When it comes to finding information or learning more about the SQL Server and it’s features, the professional community around the product is one of the best ones I’ve ever seen. I personally have a score of SQL Server blogs in my bookmarks, I visit SQL Server forums and follow a bunch of world-class experts in Twitter. Basically, there’s a wealth of information out there and unlike many other things in this world, it’s completely free.
While I personally enjoy it, self-study is not for everyone. And there are certain benefits in a classroom style courses, such as the opportunity to take some distance to your work and to concentrate on the subject at hand. Unfortunately, at least here in Finland, these learning opportunities are bit limited. There’s the Finnish PASS chapter (PASS Helsinki) that arranges meetings few times a year and recently it’s also been possible to join these meetings online, which is great for people living further away (like me). Then there’s a number of companies that offer formal training, but their courses are often limited to basic courses.

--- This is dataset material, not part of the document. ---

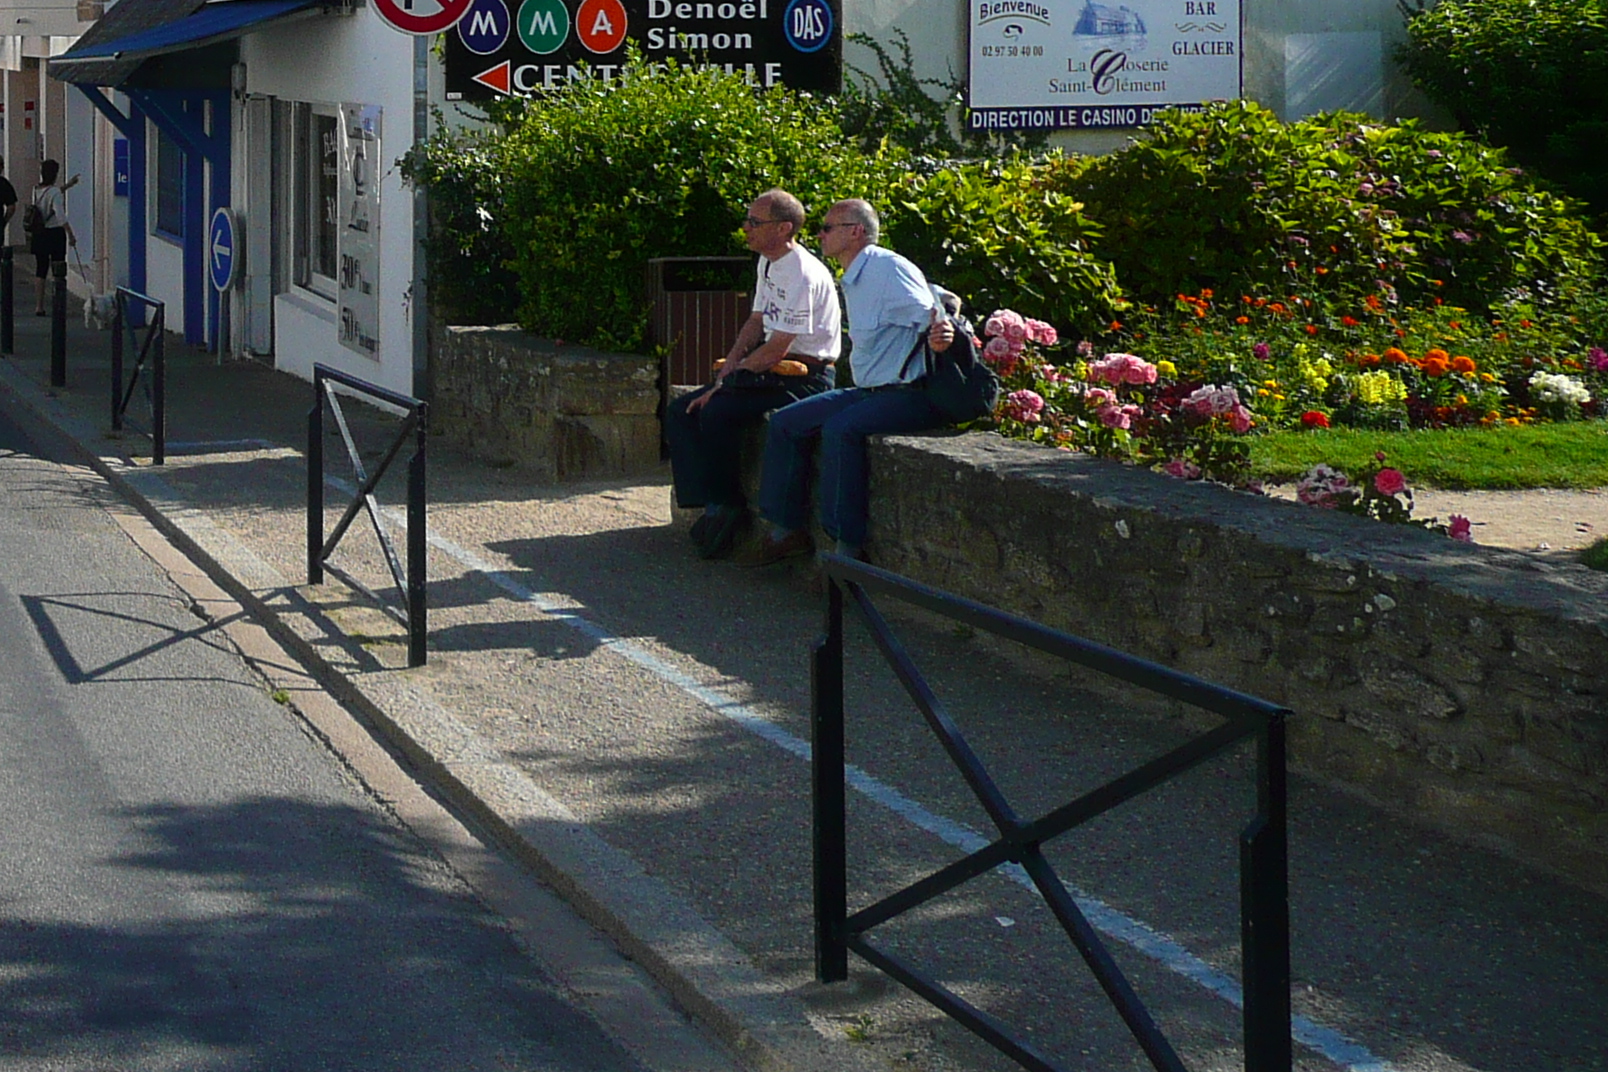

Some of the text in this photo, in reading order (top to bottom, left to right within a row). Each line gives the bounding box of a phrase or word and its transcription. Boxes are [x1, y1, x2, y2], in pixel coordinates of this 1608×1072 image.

And then there is the Microsoft itself, in fact, I just recently registered into one of the Microsoft Workshops and it inspired this quick post. Microsoft offers all sorts of training, some of it is free and some of it isn’t. I’m going to concentrate on the latter category as the services there are probably little less known than the TechNet resources and webcasts.
I work for a company that is a Microsoft Premier Customer and this grants us access to wide variety of Microsoft workshops, I just received the latest workshop catalog today and it looked sweet indeed! Personally I’ve attended several Microsoft workshops, including advanced troubleshooting (that made debugging memory dumps fun!), Vital Signs (there was so much I didn’t know about PerfMon back then) and a number of clustering and SQL Server workshops. Trainers in these workshops are Premier Field Engineers and they tend to be pretty smart people, capable of answering questions outside the course material. And in the rare few cases they haven’t been able to give an answer straight away, they have had one usually in the following morning, often straight from the developers themselves.
If you’re a Premier Customer, I whole-heartedly recommend that you check out the Microsoft workshop offering, they’re definitely worth the invested time and money.
Risk Assessment Programs
There’s also another source of training from Microsoft Premier Services that I’d like to endorse. The Risk Assessment Programs, or RAPs, for short. While RAP is not purely a training session, there’s a lot of knowledge transfer involved. The topics discussed in RAPs range from configuration best practices to SQL code, database structures, disaster recovery, update procedures and the even skills of the people maintaining the target environment.
RAPs are indeed very thorough and you likely end up with more knowledge about SQL Server in general and about your SQL Server instance(s). During the RAP you’ll also get a couple of reports and lists, highlighting not only the issues but also the things you’re doing well. We’ve done several SQL Server RAPs (and one for the Windows Clusters) in the past and this gives us a plenty of historical data to evaluate against, so it’s another baseline to see if our changes have had the desired impact.
Cluster Server Disaster Recovery Service
This is something we’ve not yet done, but it’s planned for the end of this summer. It’s a nearly week-long engagement where we’ll be doing horrible, horrible things to a Windows Cluster until it breaks, likely more than once. And then we’ll fix it! At the end of the engagement, we’ll have documentation and procedures to recover Windows Cluster from number of disasters.
I’m actually quite excited about this one and I’ll be definitely blogging about it, once we’re done with the engagement. So expect to hear more about this after July.